The article defines basic quality requirements, including installation, validation and regular performance testing of equipment, comprehensive staff training and certification, and establishment of standard operating procedures (SOP) developed by a committee representative of all clinical and QC staff involved with DXA scans. Strict adherence to SOPs can minimize common errors from occurring, such as incorrect patient positioning, confounding artifacts that affect BMD values, failure to perform precision assessment, and failure to recognize densitometer drift or shift.

DXA use has increasing clinical relevance as baby boomers in the United States and countries such as Japan and some European nations with disproportionately aging populations. The National Osteoporosis Foundation estimates that as many as 54 million U.S. individuals alone may be at risk for low trauma fractures due to osteopenia and osteoporosis. Consecutive DXA scan comparisons can help physicians make timely recommendations for therapeutic interventions. DXA measurements are used to manage patients with skeletal disorders, assess vertebral fractures, analyze hip structures and body composition, and determine trabecular bone score. Measurement accuracy and report consistency are essential.

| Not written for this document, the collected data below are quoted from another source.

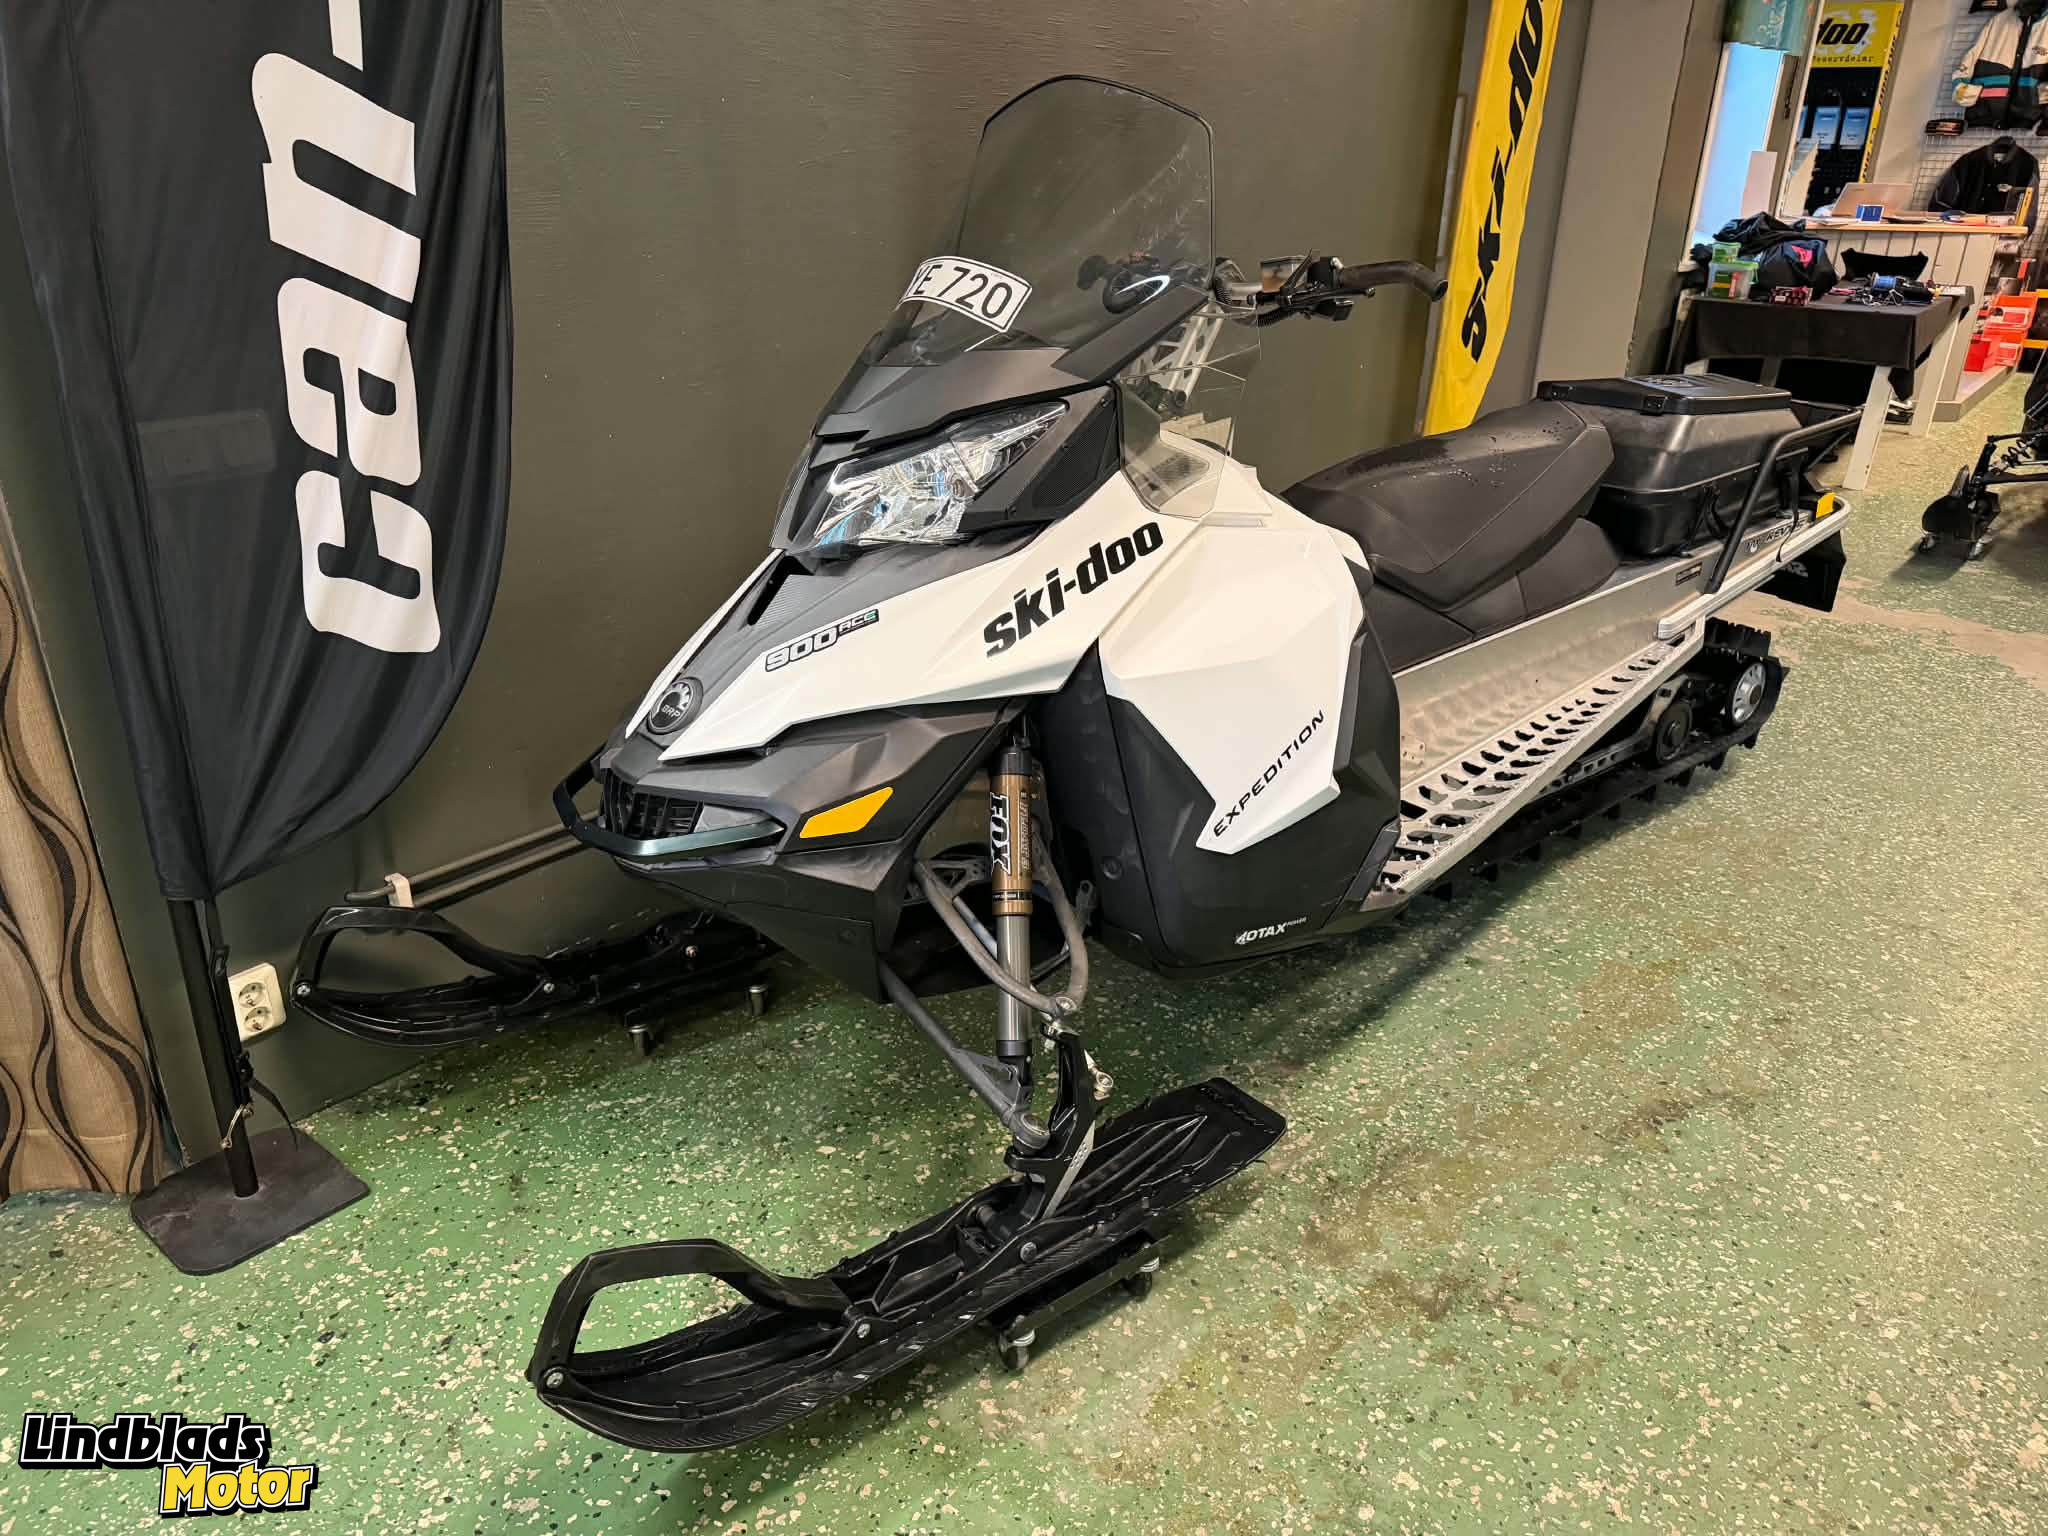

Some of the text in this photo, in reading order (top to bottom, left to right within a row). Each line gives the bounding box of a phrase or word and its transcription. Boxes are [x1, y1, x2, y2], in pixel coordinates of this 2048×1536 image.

[936, 265, 1013, 319] 720
[983, 521, 1164, 658] ski-doo
[765, 609, 879, 672] 900 ACE
[661, 703, 681, 718] BRP
[1213, 710, 1325, 837] EXPEDITION
[990, 791, 1011, 876] FOX

Lead author E. Michael Lewiecki, MD, osteoporosis director at the New Mexico Clinical Research and Osteoporosis Center in Albuquerque, NM, and co-authors recommend that spine phantom BMD measurements be performed at least once weekly to document the stability of DXA performance over time. BMD values must be maintained within a tolerance of plus or minus 1.5%. Longitudinal scanning of a phantom performed over times will ensure that instrument performance parameters of the entire imaging and processing chain are stable over time. The authors also recommend scanning a phantom 10 times without repositioning following any maintenance procedure for the equipment.

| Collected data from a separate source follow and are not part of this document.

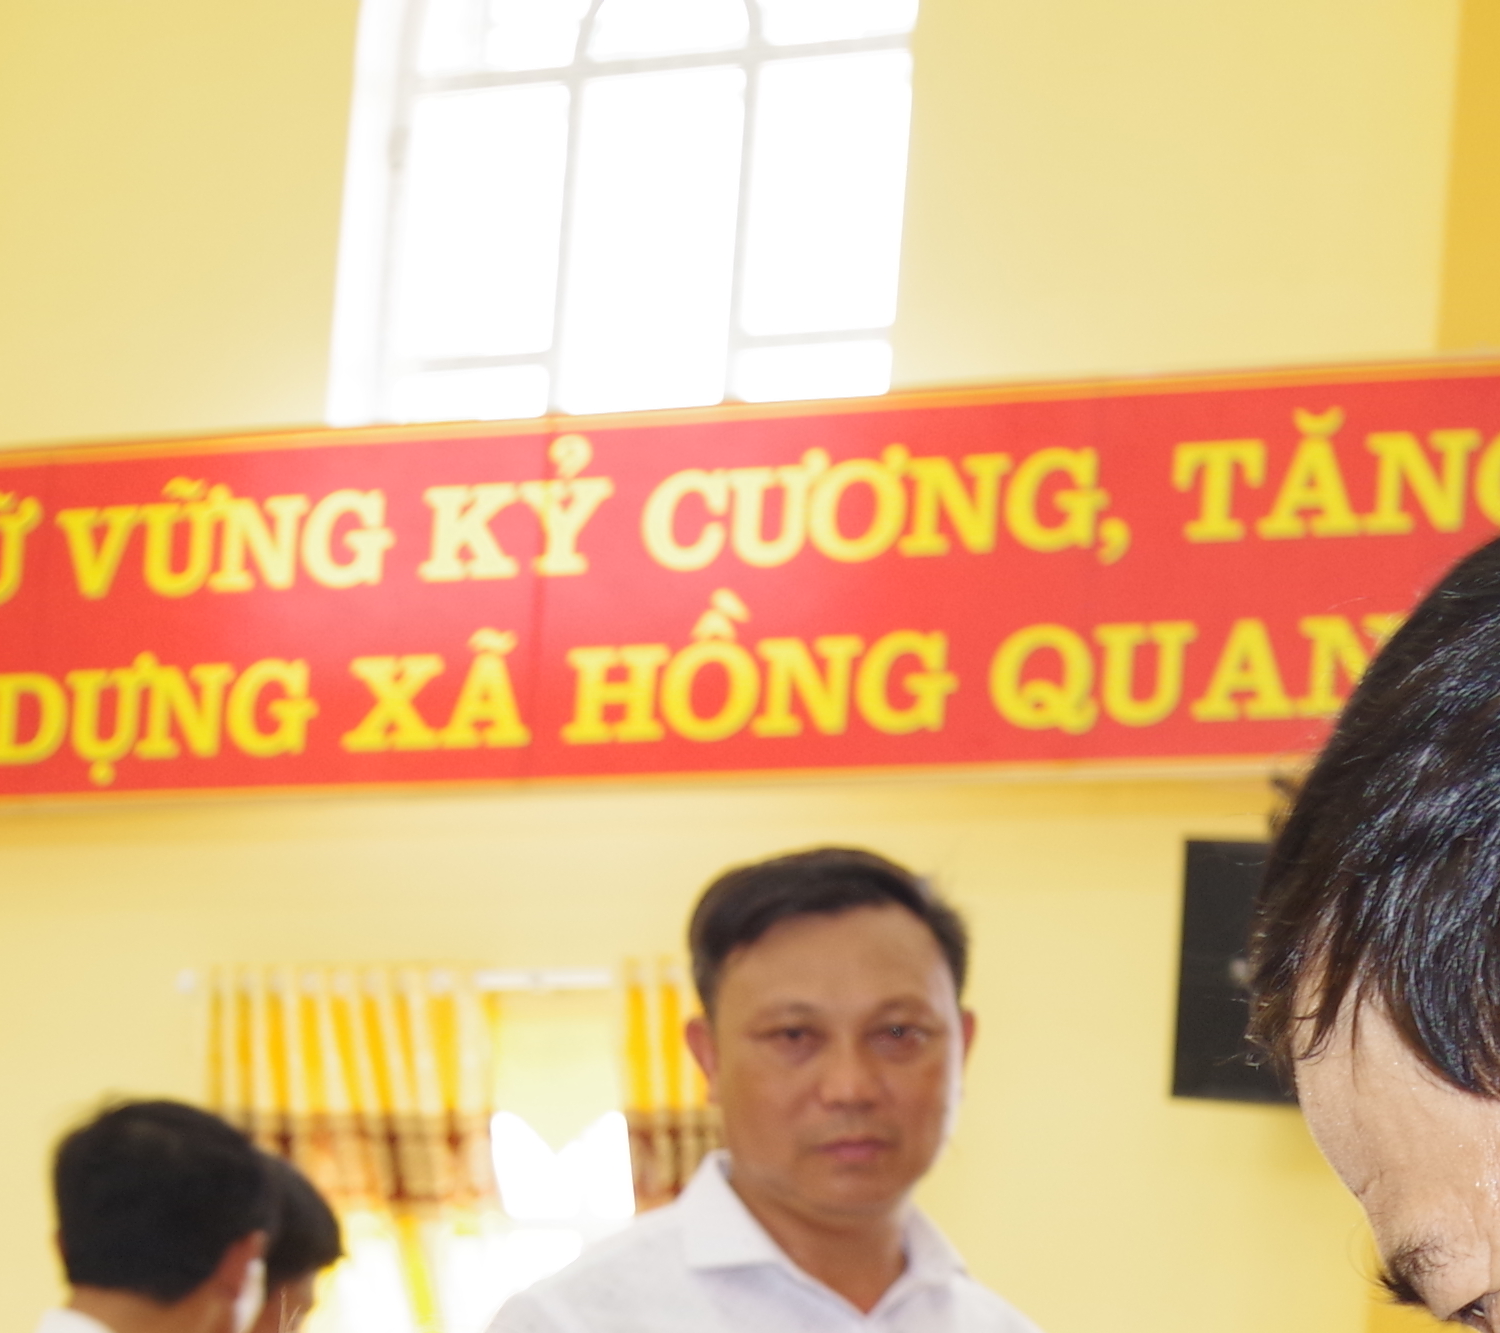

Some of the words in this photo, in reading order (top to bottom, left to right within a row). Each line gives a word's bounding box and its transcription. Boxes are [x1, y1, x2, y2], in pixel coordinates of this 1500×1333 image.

[57, 476, 399, 599] VỮNG
[419, 435, 613, 582] KỶ
[638, 443, 1130, 575] CƯƠNG,
[341, 625, 531, 754] XÃ
[561, 585, 958, 746] HỒNG

Imaging facilities should also calculate least significant change (LSC) for each DXA technologist with in vivo precision assessment; the guidelines say the LSC should not exceed 5.3% for the lumbar spine, 5% for the total proximal femur, and 6.9% for the femoral neck. The authors caution that if precision assessment is not performed, quantitative comparison of serial BMD measurements are not possible.

The guidelines recommend that DXA reports include:

  • the manufacturer and model of the densitometer,
  • the presence of artifacts and any factors that could affect the quality of acquisition and/or analysis
  • the skeletal site, region of interest, and body side for each technically valid BMD
  • a diagnosis for each patient
  • appropriate use of a fracture risk assessment tool, and
  • changes that meet or exceed the LSC in BMD with serial measurements.

The authors recommend that serious disease conditions revealed by a DXA scan, such as osteolytic or osteoblastic malignancies or Paget’s disease of the bone, be noted on the report. Additionally, they provide examples of common errors and omissions made on reports.

In a recent interview, Dr. Lewiecki described the release of DXA Best Practices as a “sentinel event in the field of skeletal health assessment, for the first time providing DXA technologists, interpreters, referring clinicians, and payers of DXA services clear indicators of DXA quality.”

REFERENCE

  1. Lewiecki EM, Binkley N, Morgan SL, et al. Best Practices for Dual-Energy X-ray Absorptiometry Measurement and Reporting: International Society for Clinical Densitometry Guidance. J Clin Denitom. 2016 19;2:127-140.